USDA did raise U.S. export projections by 25 million bushels (MB), and also raised Russian exports by 20 MB. USDA offset those with reductions in export projections for Argentina, Australia and Canada by 80 MB.
“Within the U.S. situation specifically, with the increase in exports, the reduction in imports, our ending stocks trended lower so as of June 2020 we should have our smallest level of stocks in five years, so that’s certainly a price positive going forward,” he said.
By class the biggest adjustments were in durum and hard red spring wheat. The reason for that is lowering imports and raising exports at the same time. Hard red winter also got some positive adjustments just with a higher export projection, according to Peterson
At this point, USDA is projecting U.S. exports for all wheat will reach 975 MB, which would be 4 percent higher than last year. The current U.S. sales pace is 7 percent ahead, so the U.S. is still ahead of USDA’s projection. The U.S. has 654 MB in sales on the books to date and that compares to 610 MB a year ago.
Hard red winter wheat continues to perform the best with sales 30 percent ahead of a year ago. Hard red spring is running 4 percent behind with 184 MB in sales compared to 190 MB last year.

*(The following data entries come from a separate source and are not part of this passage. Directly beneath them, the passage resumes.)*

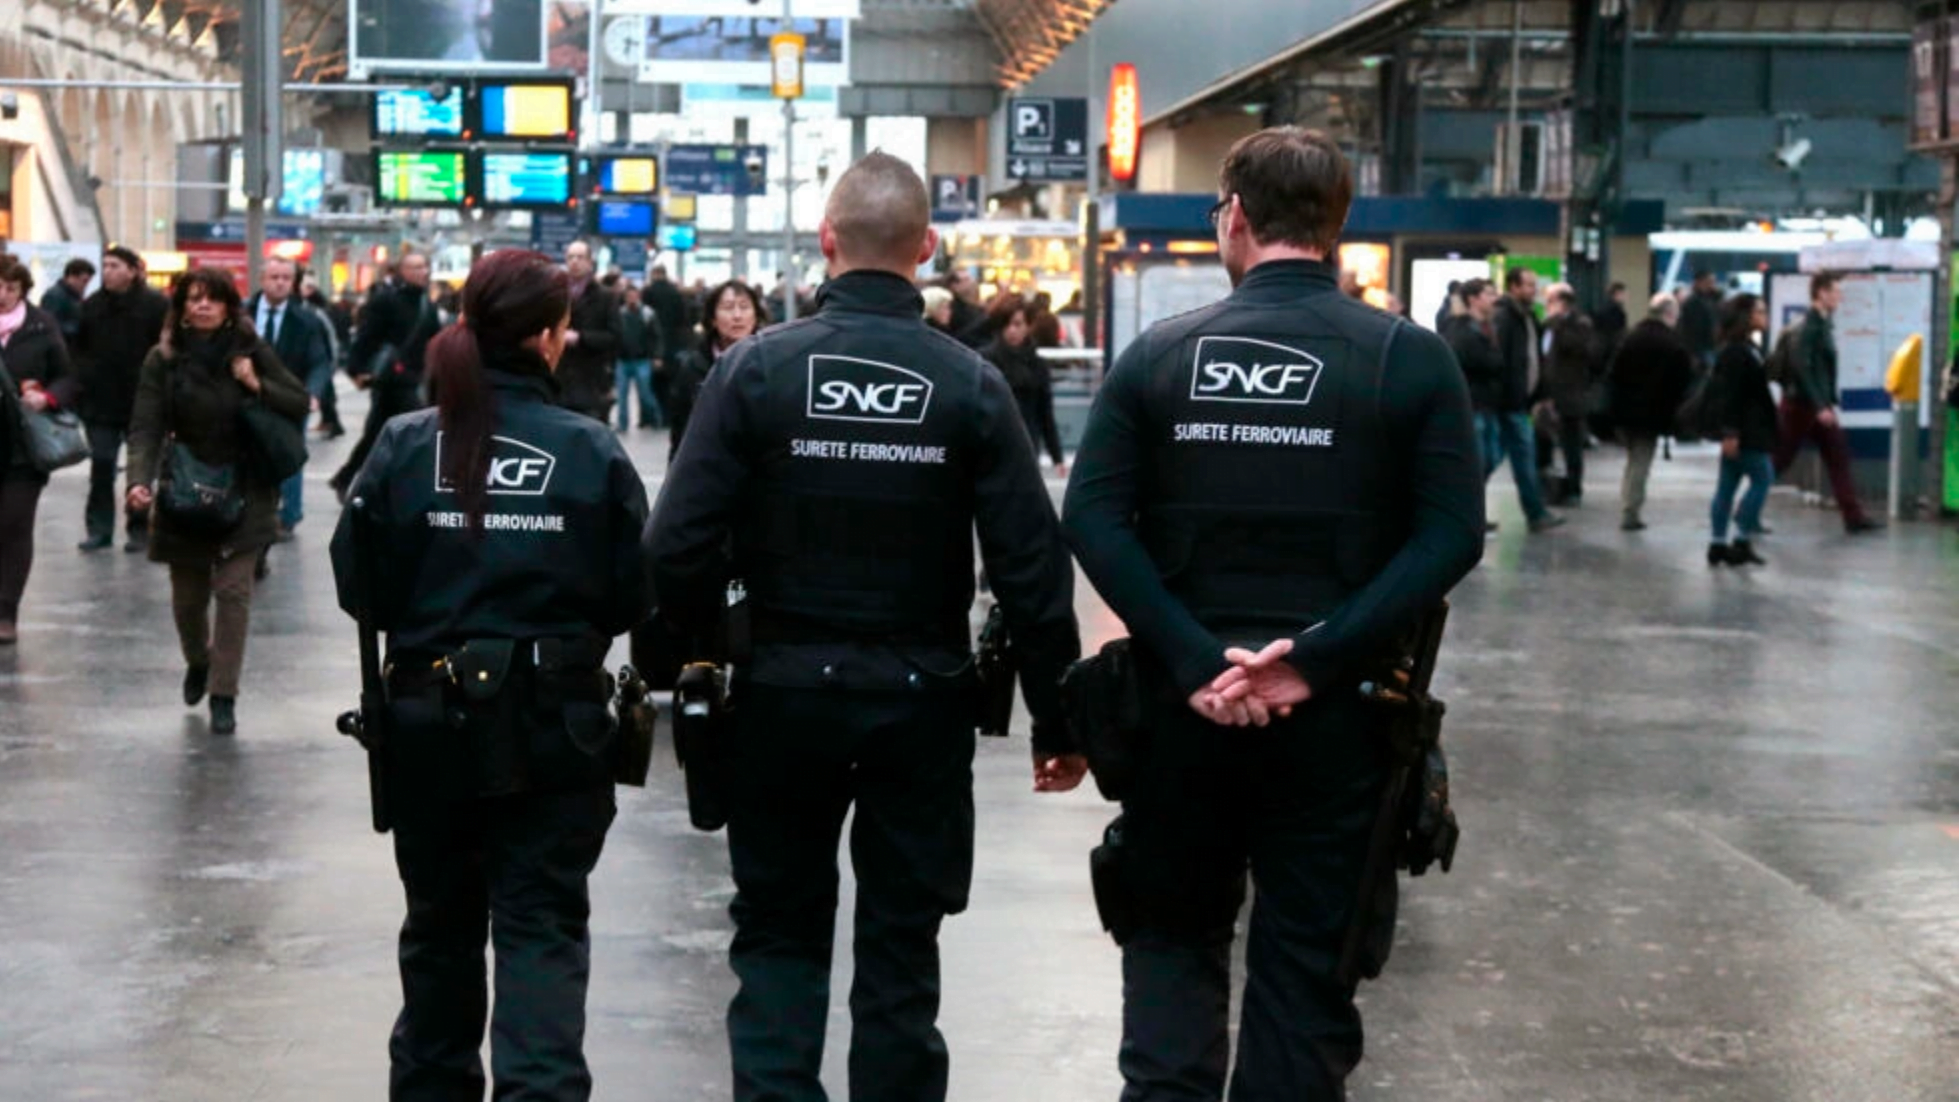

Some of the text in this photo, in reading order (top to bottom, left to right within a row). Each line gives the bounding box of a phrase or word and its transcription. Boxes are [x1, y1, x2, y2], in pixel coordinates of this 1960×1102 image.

[1198, 361, 1313, 394] SNCF
[814, 380, 924, 414] SNCF
[1174, 422, 1334, 446] SURETE FERROVIAIRE
[791, 439, 946, 463] SURETE FERROVIAIRE
[427, 511, 565, 532] URET ERROVIAIRE

“With the recent adjustments by USDA, we’re projected to be equal to a year ago, so obviously we still need to see our sales for hard red spring wheat pace pick up in the next month or so,” he said. “But the overall trend in U.S. exports has been quite positive to date.”
Looking at Canada, due to their late harvest, and probably some of the higher prices for higher quality and grades of wheat, Peterson noted their export shipments of spring wheat are running at 195 MB compared to 235 MB, or about 17 percent behind a year ago. Canada’s spring wheat exports to the U.S. at 5.5 MB are only about half of the 10 MB they shipped to the U.S. a year ago.

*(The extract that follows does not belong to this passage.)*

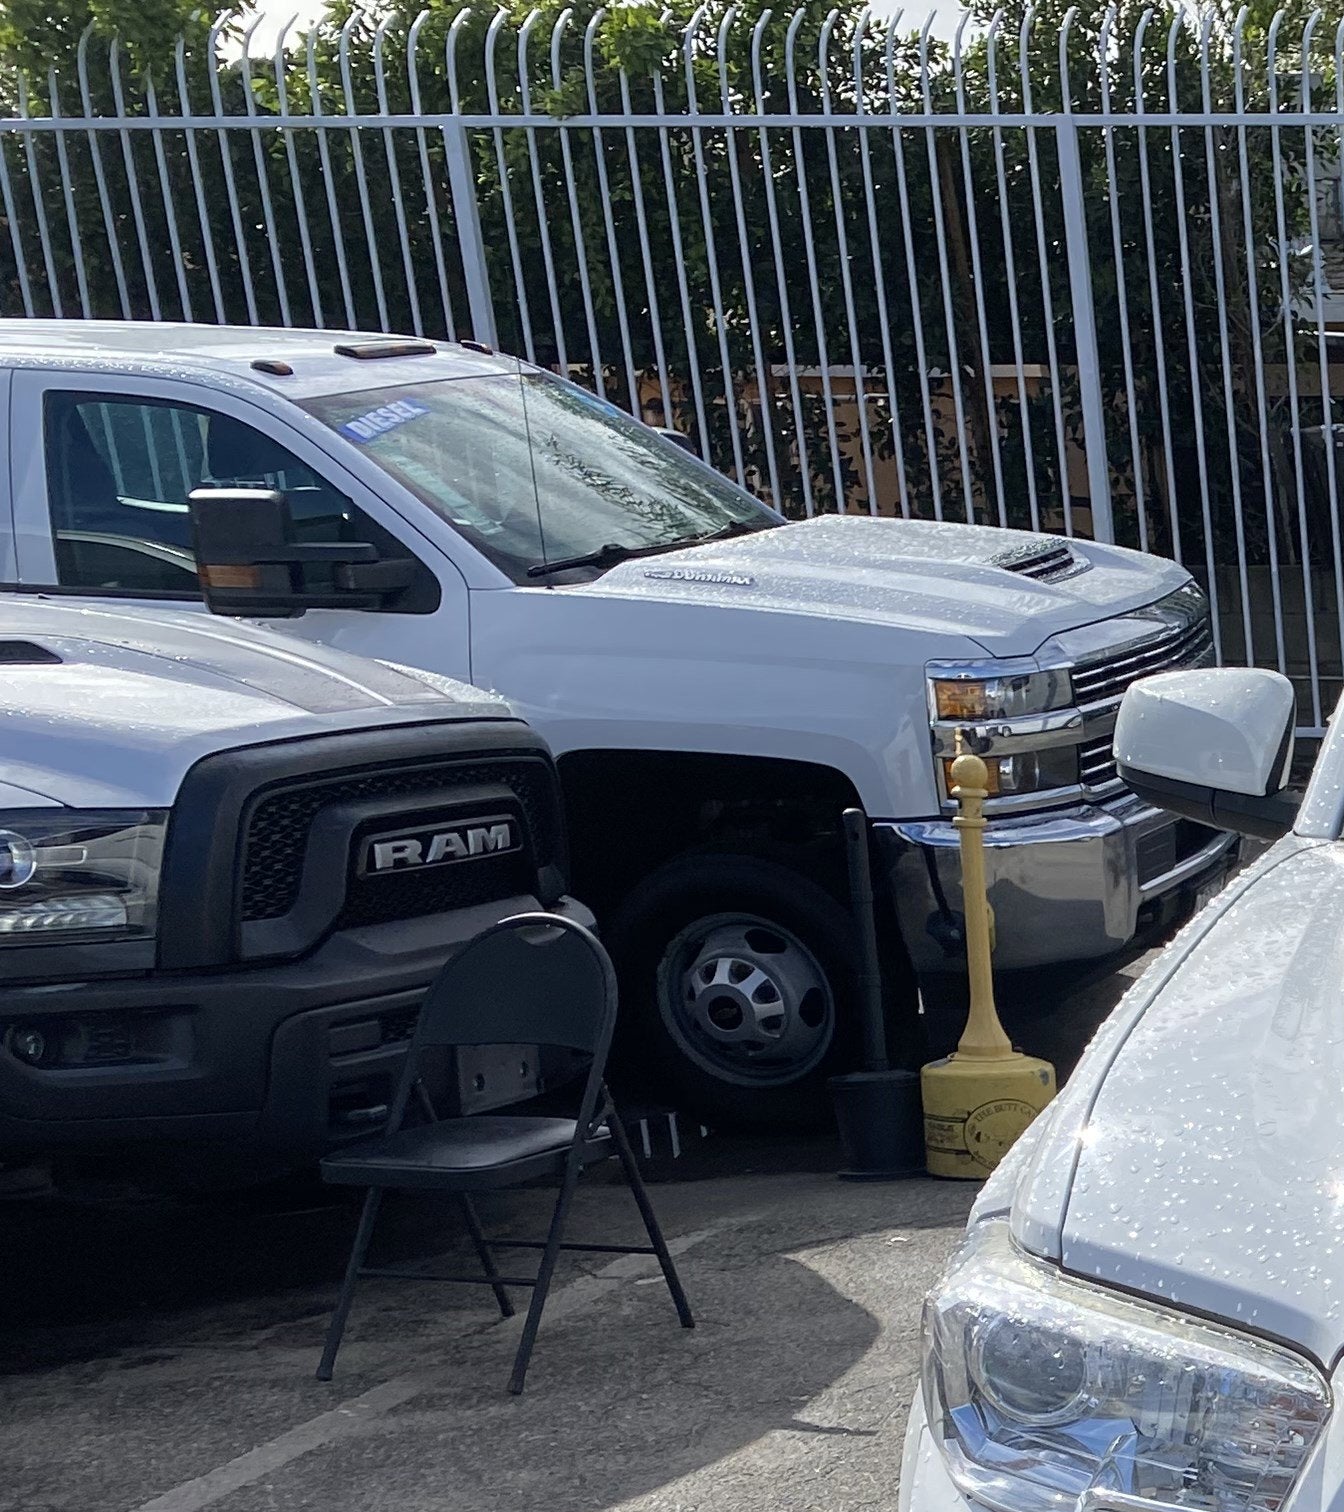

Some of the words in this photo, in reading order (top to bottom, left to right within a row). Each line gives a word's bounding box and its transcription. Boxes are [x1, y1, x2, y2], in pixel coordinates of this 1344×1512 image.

[345, 400, 427, 439] DIESEL
[374, 823, 511, 870] RAM
[975, 1107, 994, 1122] THE
[993, 1102, 1019, 1113] BUTT

“With some of the recent strength in prices we may have seen a bump in producer sales,” he said. “Going forward, I think the things that will continue to impact the market are further confirmation of the China trade deal and, more specifically, actual commitments and purchases rather than just rhetoric from China or the administration, that we’ll actually get some hard sales on the books.
Another thing would be monitoring the winter wheat crop in both Russia, as well as parts of the U.S. There are some very dry conditions in some of those regions so there is some concern going into the winter, he noted.
“The other thing would be producer selling pace versus the expectation of an increase in Asian customer demand for spring wheat over the next couple months,” he said. “We’ll see what happens.”
Peterson also noted that Pacific Northwest export prices are still about 14 cents a bushel higher than a year ago, whereas local prices to growers are still 20 cents lower than a year ago.
“So there’s still some discrepancy between the actual offered values at the ports versus what is being paid to producers,” he said. “We’ve certainly seen that narrow from what it used to be earlier this fall, but it would be nice to see more of that premium coming back to the local level. I think if we get more sales on the books we’ll see more of that transmitted back to local producer prices and basis.”